▶ [The task]: Could you print, exactly and without pictures, only the lines from the one with "Some of the words" through the end of the records below?

▶ [Given records]:
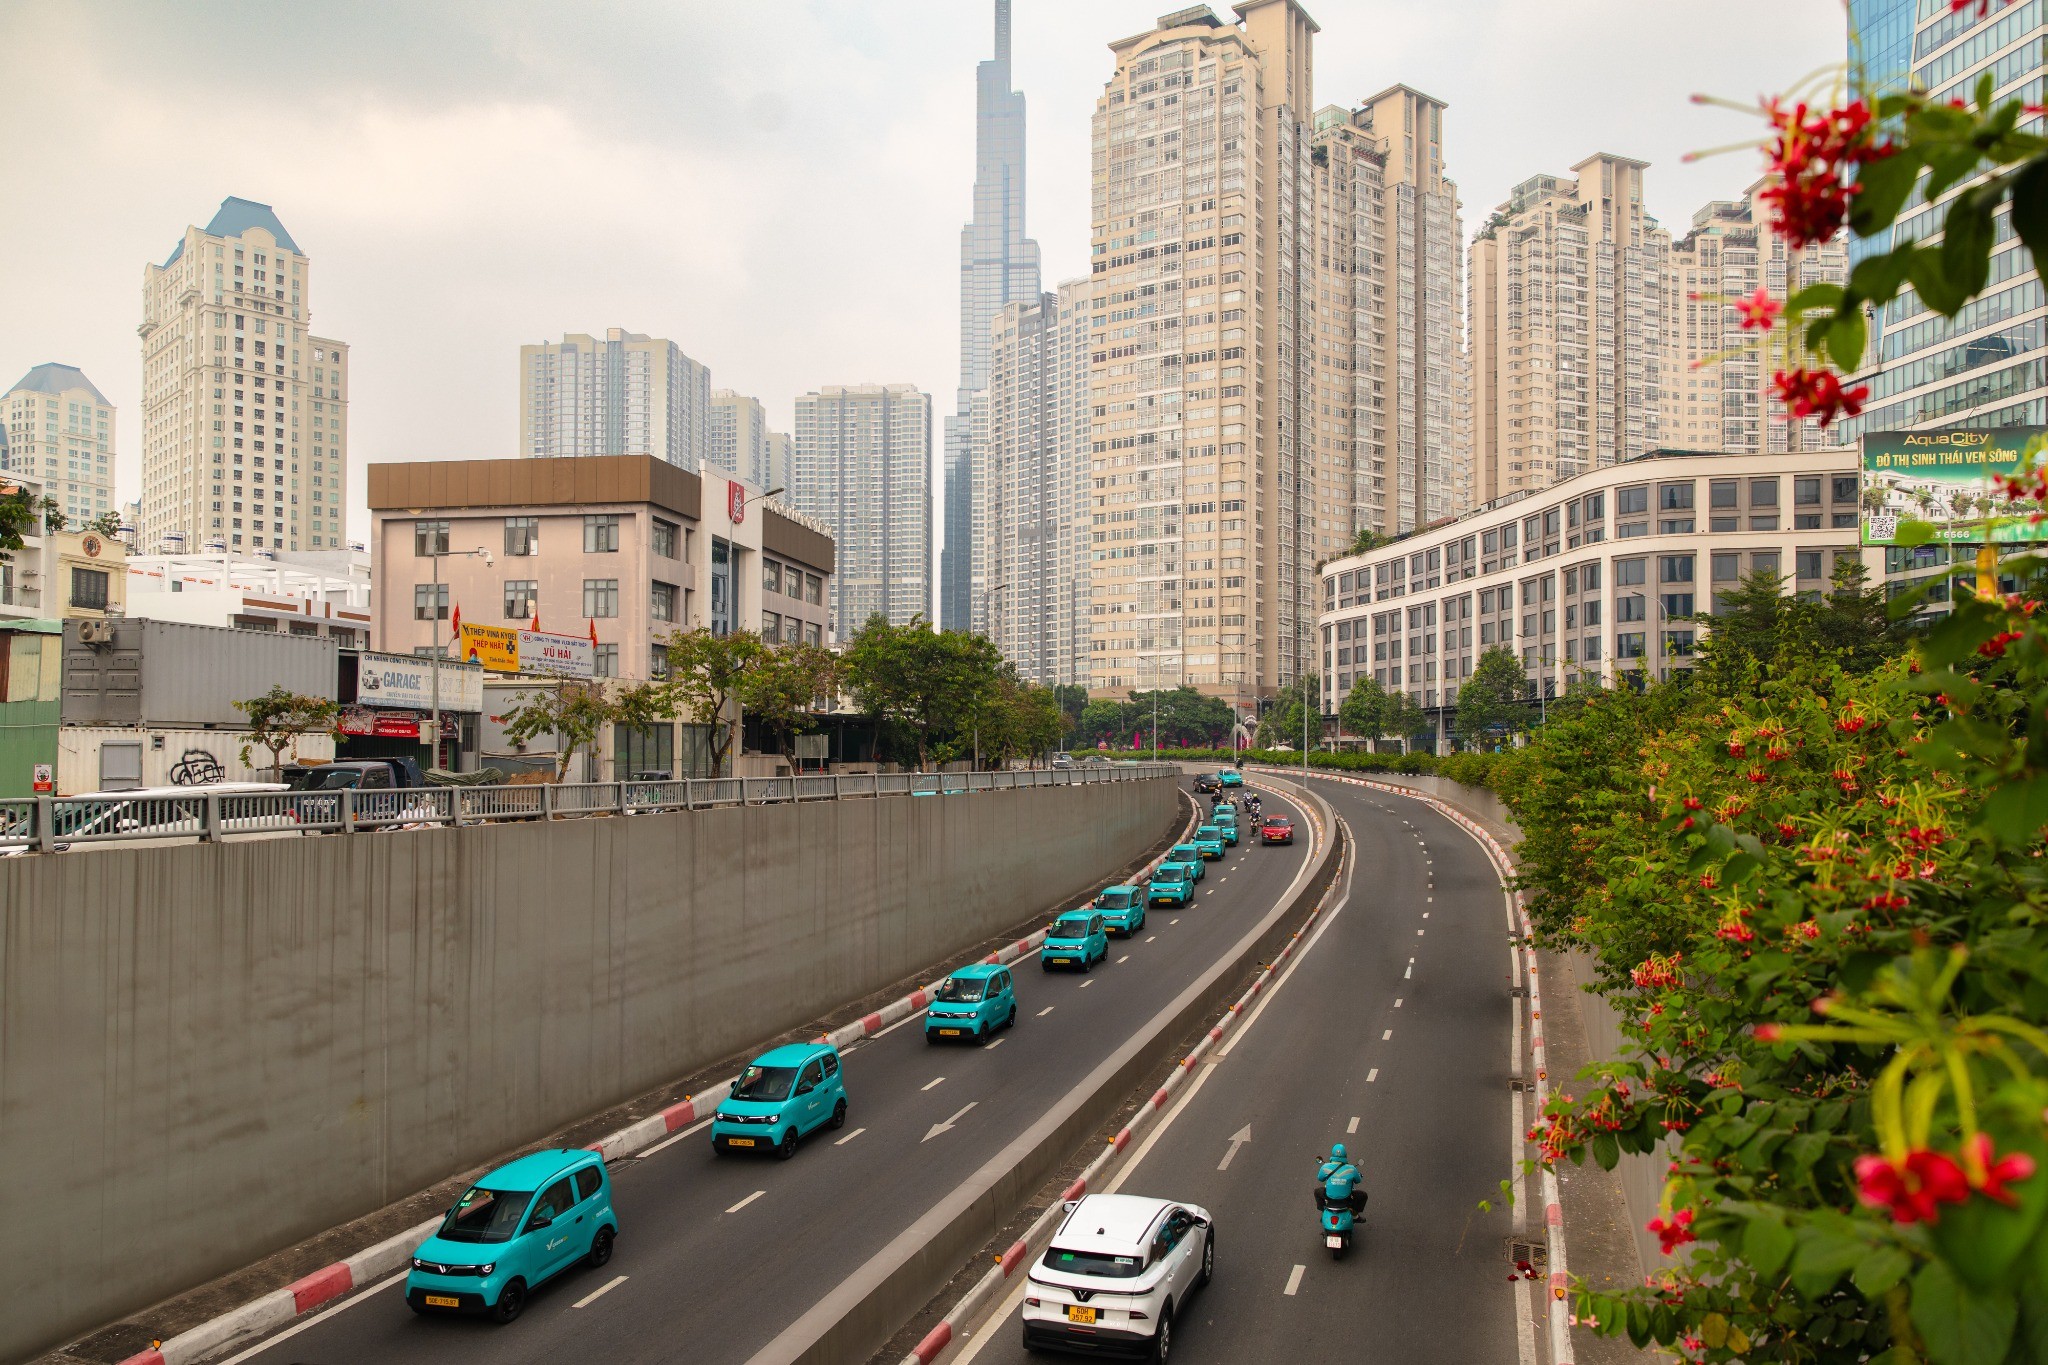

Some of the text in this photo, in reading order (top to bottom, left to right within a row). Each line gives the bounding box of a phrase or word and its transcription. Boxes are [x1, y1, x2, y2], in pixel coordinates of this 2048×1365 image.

[1876, 447, 2018, 468] ĐÔ THỊ SINH THÁI VEN SÔNG
[1943, 530, 1970, 539] 6666
[470, 627, 517, 640] THÉP VINA KYOEI
[473, 638, 504, 651] THÉP NHẬT
[543, 646, 571, 659] VŨ HẢI
[383, 671, 421, 690] GARAGE
[1071, 1314, 1093, 1322] 357.92
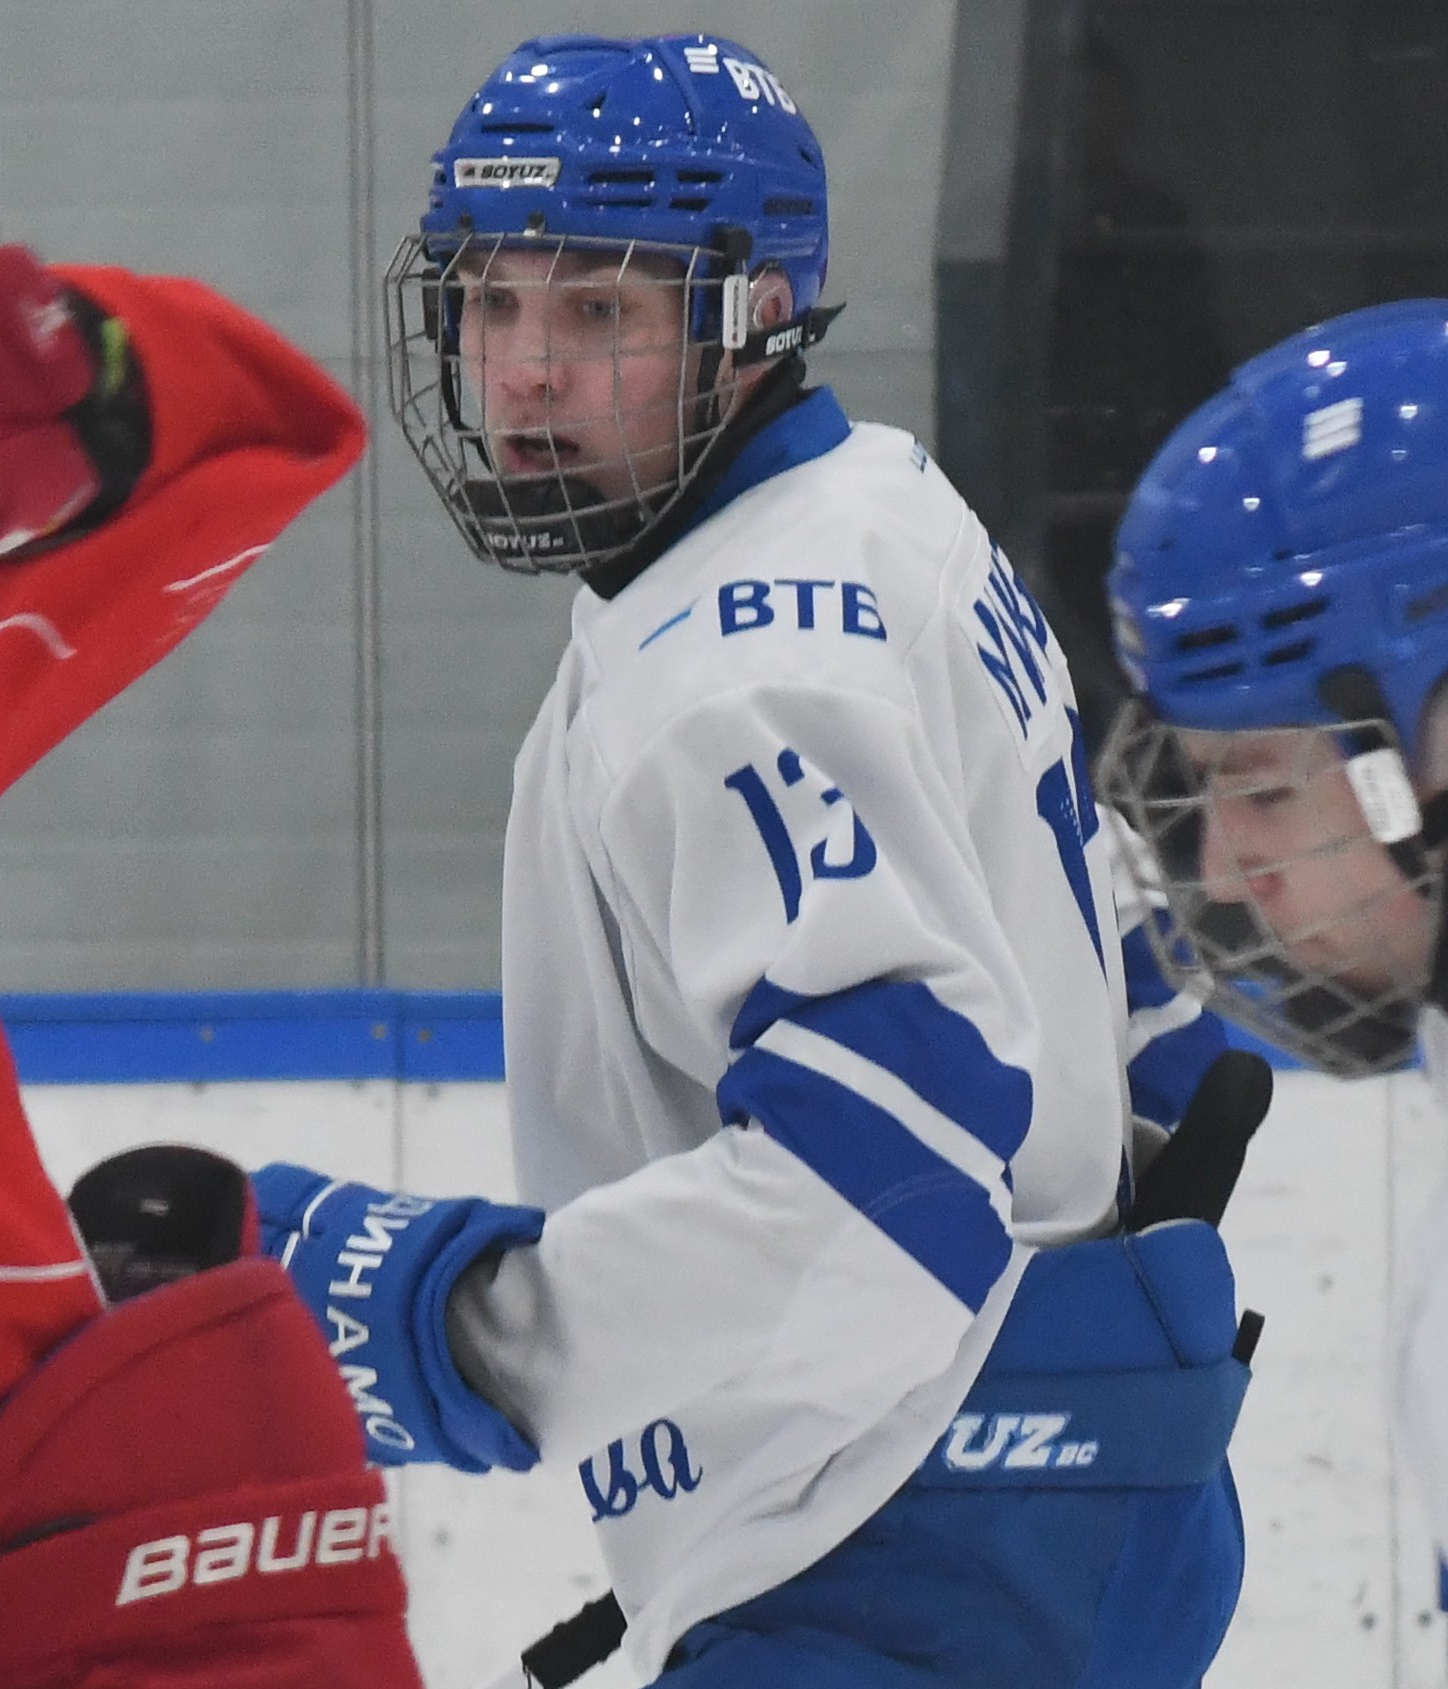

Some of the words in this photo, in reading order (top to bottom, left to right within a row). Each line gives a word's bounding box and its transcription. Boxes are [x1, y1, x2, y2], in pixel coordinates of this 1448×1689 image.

[717, 578, 887, 644] ВТБ
[723, 746, 878, 926] 13
[326, 1195, 434, 1452] ДИНАМО
[115, 1503, 399, 1607] BAUER
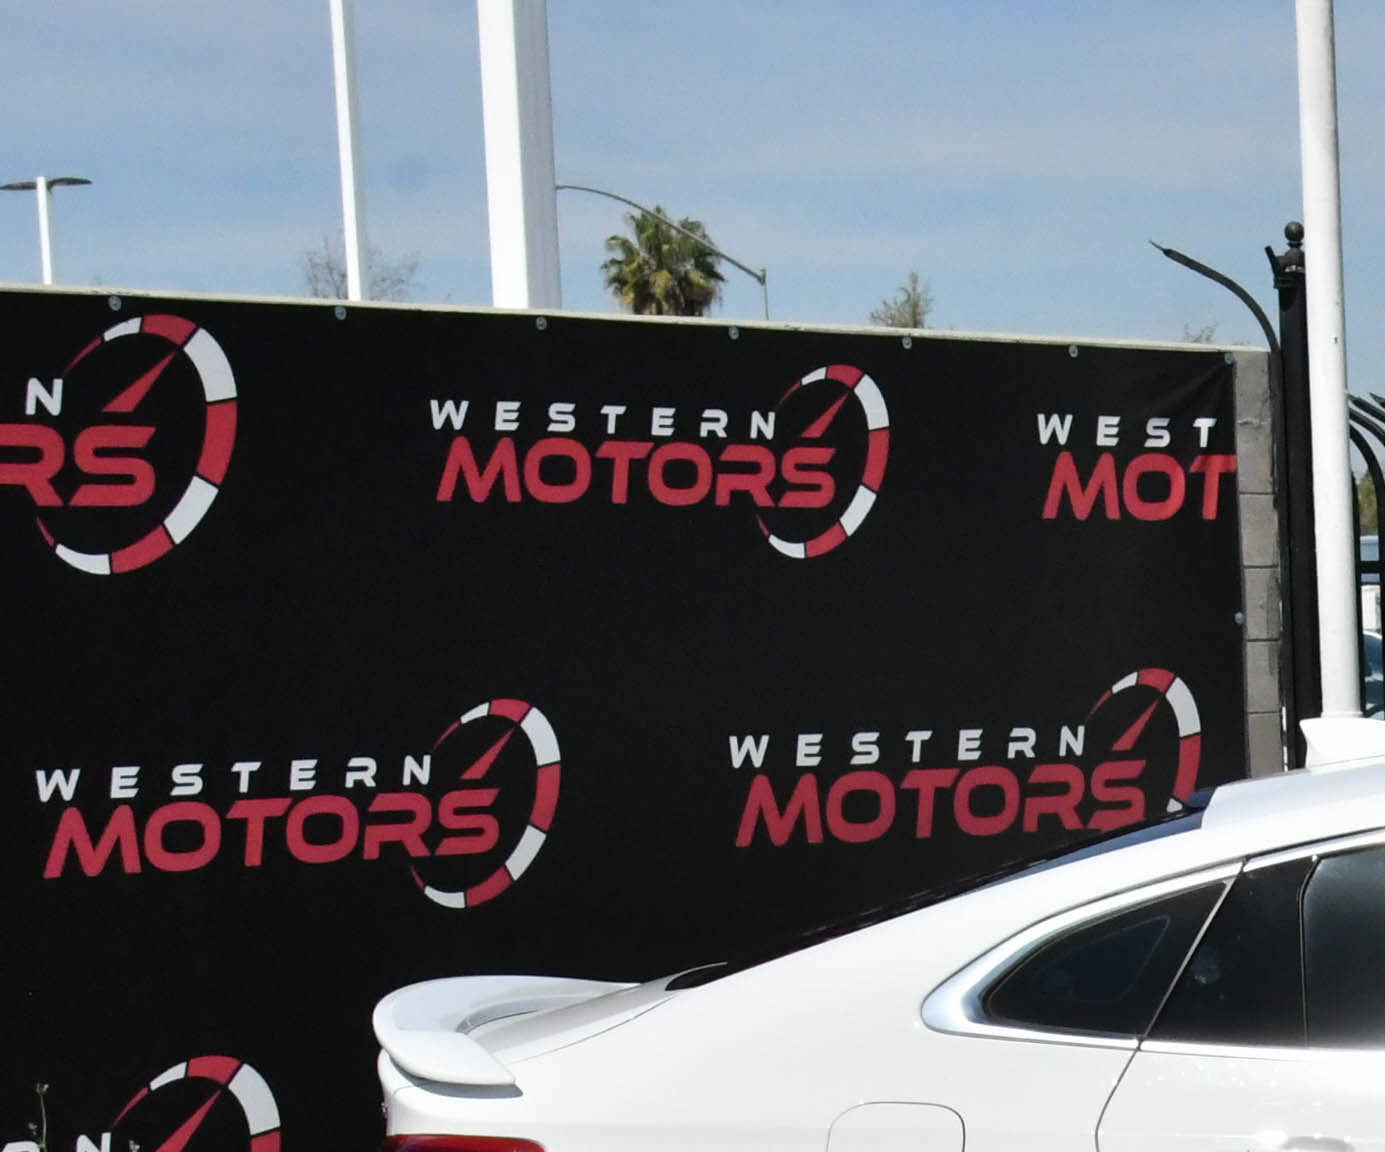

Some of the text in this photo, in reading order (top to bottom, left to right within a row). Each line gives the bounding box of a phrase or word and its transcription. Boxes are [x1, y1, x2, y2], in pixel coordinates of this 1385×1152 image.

▶ [Result]:
Some of the words in this photo, in reading order (top to bottom, left to right within a row). Each line gives a word's bounding box and its transcription. Boxes are [x1, y1, x2, y2], in pixel coordinates of this 1448×1689 image.

[717, 578, 887, 644] ВТБ
[723, 746, 878, 926] 13
[326, 1195, 434, 1452] ДИНАМО
[115, 1503, 399, 1607] BAUER

Some of the text in this photo, in reading order (top to bottom, left to right within a row). Each line gives the bounding box of a phrase or word and its transcription. Boxes are [x1, y1, x2, y2], in pixel coordinates of this 1385×1152 image.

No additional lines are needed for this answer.